İyi günler kardeş. Ben, Hakan Hoca. dedim.
Ses:
Buyurun hocam dedi, samimi bir dille.
Kardeş, iftar için 15 tane lahmacun lazım. Yetişir mi?
Yetişir hocam. Siz hiç merak etmeyin.
Tamam. Ben, 6.30 gibi gelip alırım. dedim.
Tamam abi diye cevap verdi.
İftara daha vakit vardı. Ben de arabayı köye sürdüm. Kız kardeşimi ve annemi ziyarete gittim. Bir iki saat, kız kardeşimle sohbet ettik. İftara kalmamı istedi ise de ben, durumu izah ederek bu daveti, nazikçe geri çevirdim.
Kız kardeşim:
Paça yapacaktım. Kaçırdın dedi.
Sağlık olsun. Kısmet değilmiş. Başka zamana inşallah dedim.

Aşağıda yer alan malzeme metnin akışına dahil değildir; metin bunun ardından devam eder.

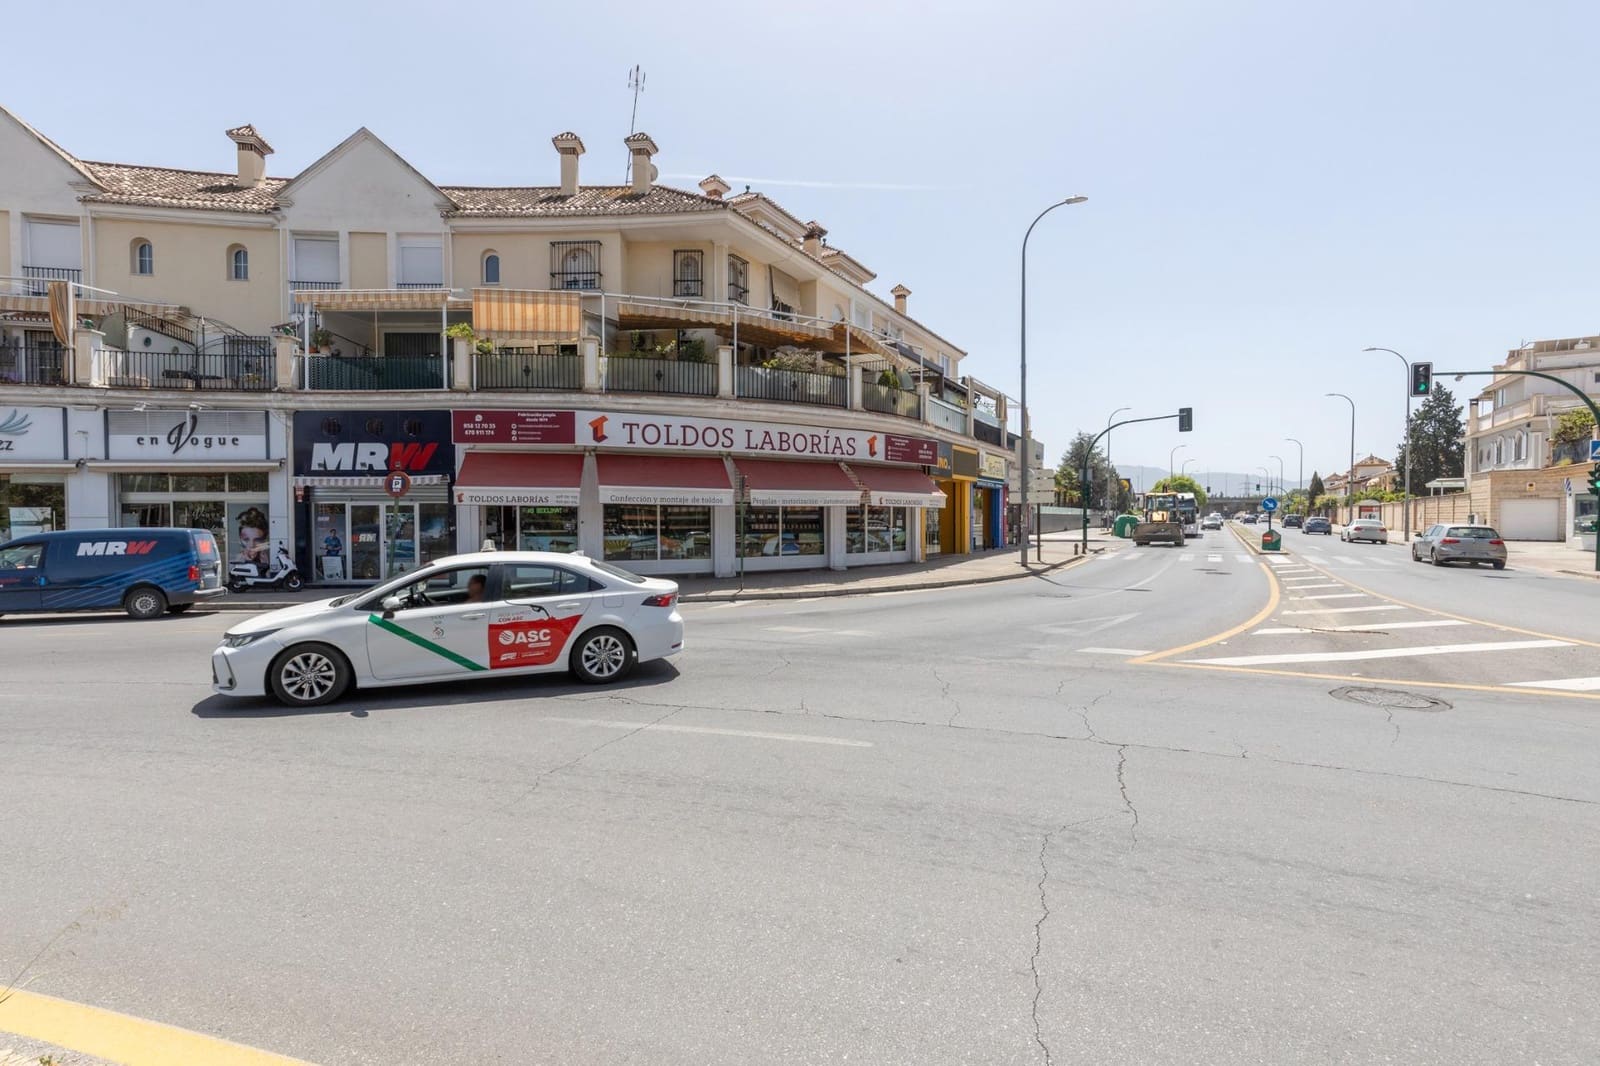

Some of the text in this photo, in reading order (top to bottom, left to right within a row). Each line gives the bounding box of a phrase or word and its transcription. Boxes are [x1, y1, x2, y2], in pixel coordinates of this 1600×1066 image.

[136, 414, 240, 454] en Vogue
[622, 422, 856, 456] TOLDOS LABORÍAS
[310, 442, 438, 471] MRW
[506, 494, 549, 503] LABORÍAS
[660, 496, 688, 504] montaje
[77, 540, 158, 556] MRW
[515, 629, 551, 644] ASC

Saat 6.15e kadar sohbet ettik. Sonra izin isteyip ayrıldım.
Arabaya binip doğruca Dörtyola sürdüm.
Tam vaktinde Dörtyola vardım.
Çiçek Lahmacunun önündeyim. Fakat bir hayat belirtisi görünmüyor. Kapı ve pencereler kapalı:
Erken mi geldim acaba? diye düşündüm.
Saate baktım tam 6.30. İftara 45 dakika var.

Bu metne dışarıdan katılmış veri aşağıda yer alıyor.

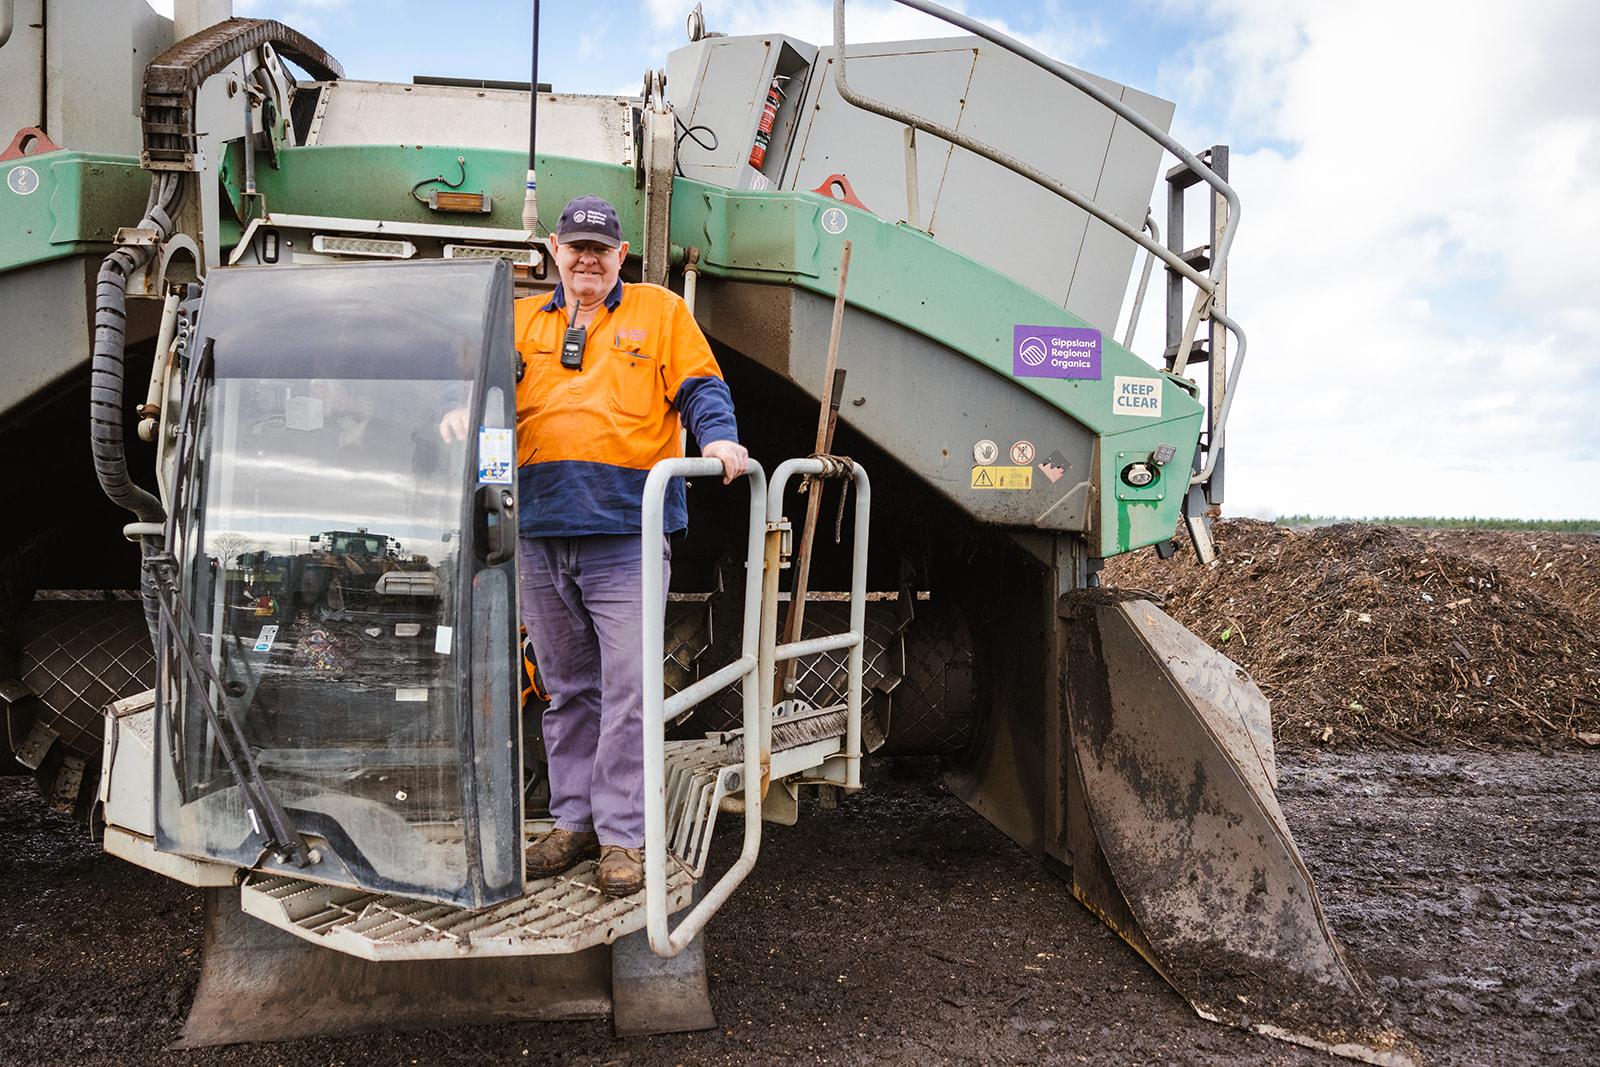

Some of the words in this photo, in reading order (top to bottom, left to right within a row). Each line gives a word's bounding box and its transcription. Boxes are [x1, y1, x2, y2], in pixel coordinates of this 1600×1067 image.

[1051, 338, 1096, 349] Gippsland
[1051, 348, 1091, 359] Regional
[1051, 358, 1091, 369] Organics
[1122, 383, 1154, 396] KEEP
[1117, 396, 1158, 409] CLEAR

Cama yaklaşıp içeriye göz attım. Kimse görünmüyor. Yan tarafa doğru yürüyüp birileri var mı diye bakmaya başladım. Gerçekten kimse yok.
Tekrar ön tarafa gelip kapıya yaklaştım. Cama hızlı hızlı birkaç defa vurdum. Yok. Allahın bir kulu görünmüyor. Bu defa biraz daha hızlı vurdum. Tam umudu kesmiştim ki içeriden genç bir bayan çıktı:
Buyurun, Bir şey mi istemiştiniz?
Özür dilerim. Rahatsız ediyorum.
Estağfurullah. Buyurun. Ne istemiştiniz?
Siparişlerim vardı. Onları almaya geldim.

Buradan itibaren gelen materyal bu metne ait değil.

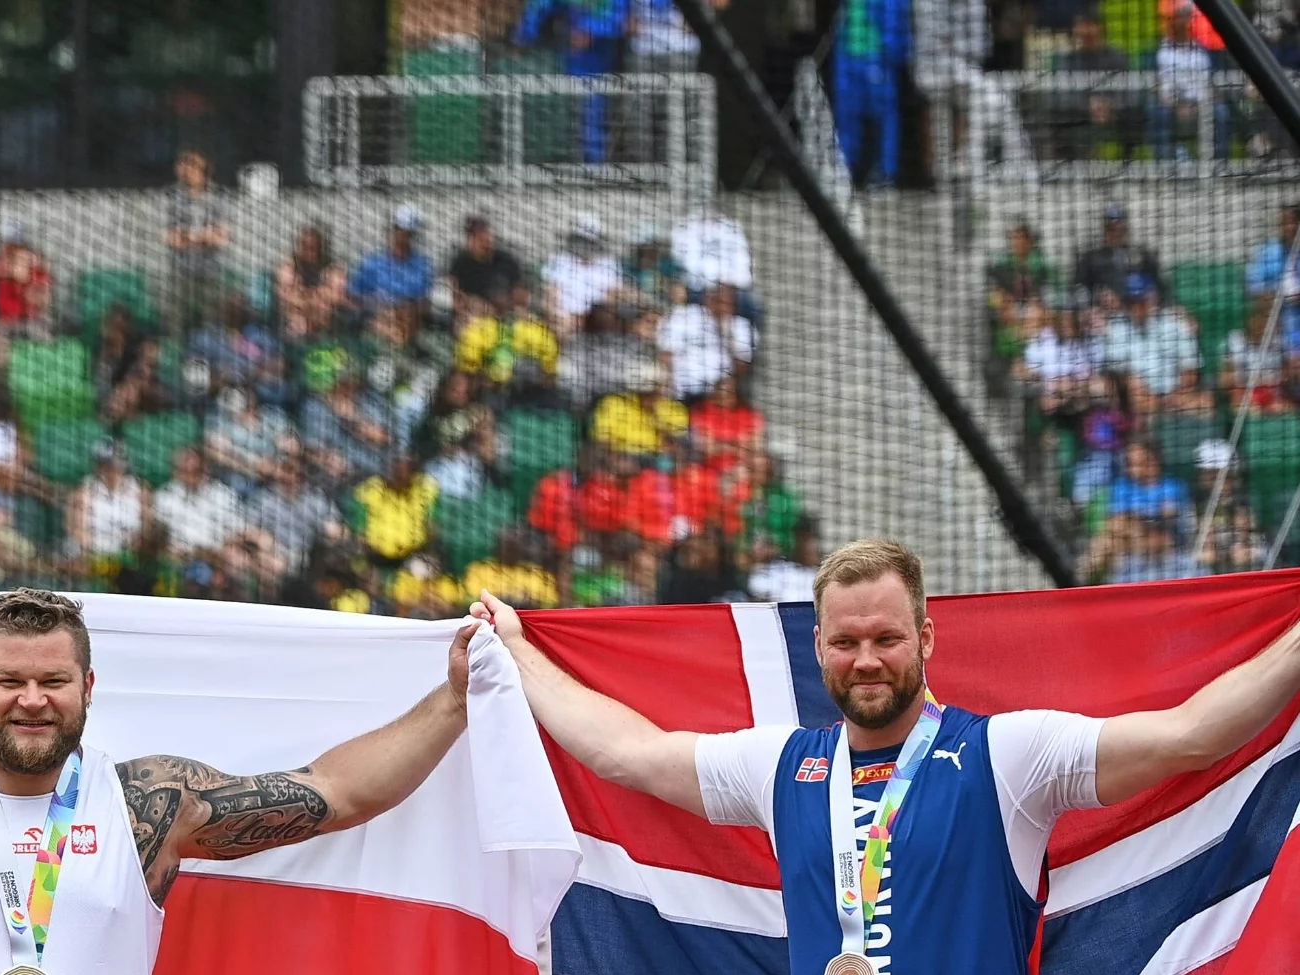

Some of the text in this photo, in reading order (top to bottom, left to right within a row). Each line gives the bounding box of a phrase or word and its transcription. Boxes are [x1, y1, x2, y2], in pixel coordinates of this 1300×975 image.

[866, 767, 893, 778] EXTR
[847, 860, 855, 888] OREGON
[10, 880, 21, 908] OREGON

Genç bayan biraz da şaşkın bakarak:
Simit mi söylediniz?
Ben:
Hayır, 15 tane lahmacun söylemiştim.
Lahmacun mu?
Evet.
Genç bayan:
Emin misiniz?
Evet.
Kime söylemiştiniz?
Ben:
İkindiye doğru telefon açmıştım.
Telefon mu açtınız?
Evet. Bir erkek ses çıktı. 15 tane lahmacun söyleyip 6.30da gelip alacağımı söyledim.
Gerçekten emin misiniz?
Tabii. Üstelik iftara yetişir mi diye sordum? Yetişir dedi.
Genç Bayan:
Allah Allah. Tuhaf
Neresi tuhaf? dedim.
Genç bayan:
Beyefendi. Biz 6 aydır lahmacun yapmıyoruz. O bölümü kaldırdık. Sadece simit yapıyoruz. Simit istemiş olmayasınız?
Ben:
Yo hayır. Ne istediğimi çok iyi biliyorum. 15 tane lahmacun dedim.
Başka bir yeri aramış olmayasınız yanlışlıkla
Bilmem. Telefonda kayıtlı. Son aranana bir daha bakayım.
Lütfen bir bakın dedi.
Telefonumu çıkarıp son aranan numaraya baktım Numarayı genç bayana da gösterdim.
Genç bayan:
Efendim, bu bizim numara değil, yanlış aramışsınız dedi.
Nasıl olur? Durun bir daha arayayım
Numarayı tekrar çeviriyorum.
Karşıdan yine aynı erkek sesi geliyor. Hem de hiçbir şey demeden:
Abi, sizin lahmacunlar hazır. Gelmediniz. diyor.
Ben:
Geldim, ama siz yoksunuz diyorum.
Ses:
Nasıl yokuz abi. Dükkândayım. Lahmacunlarınız pakette hazır.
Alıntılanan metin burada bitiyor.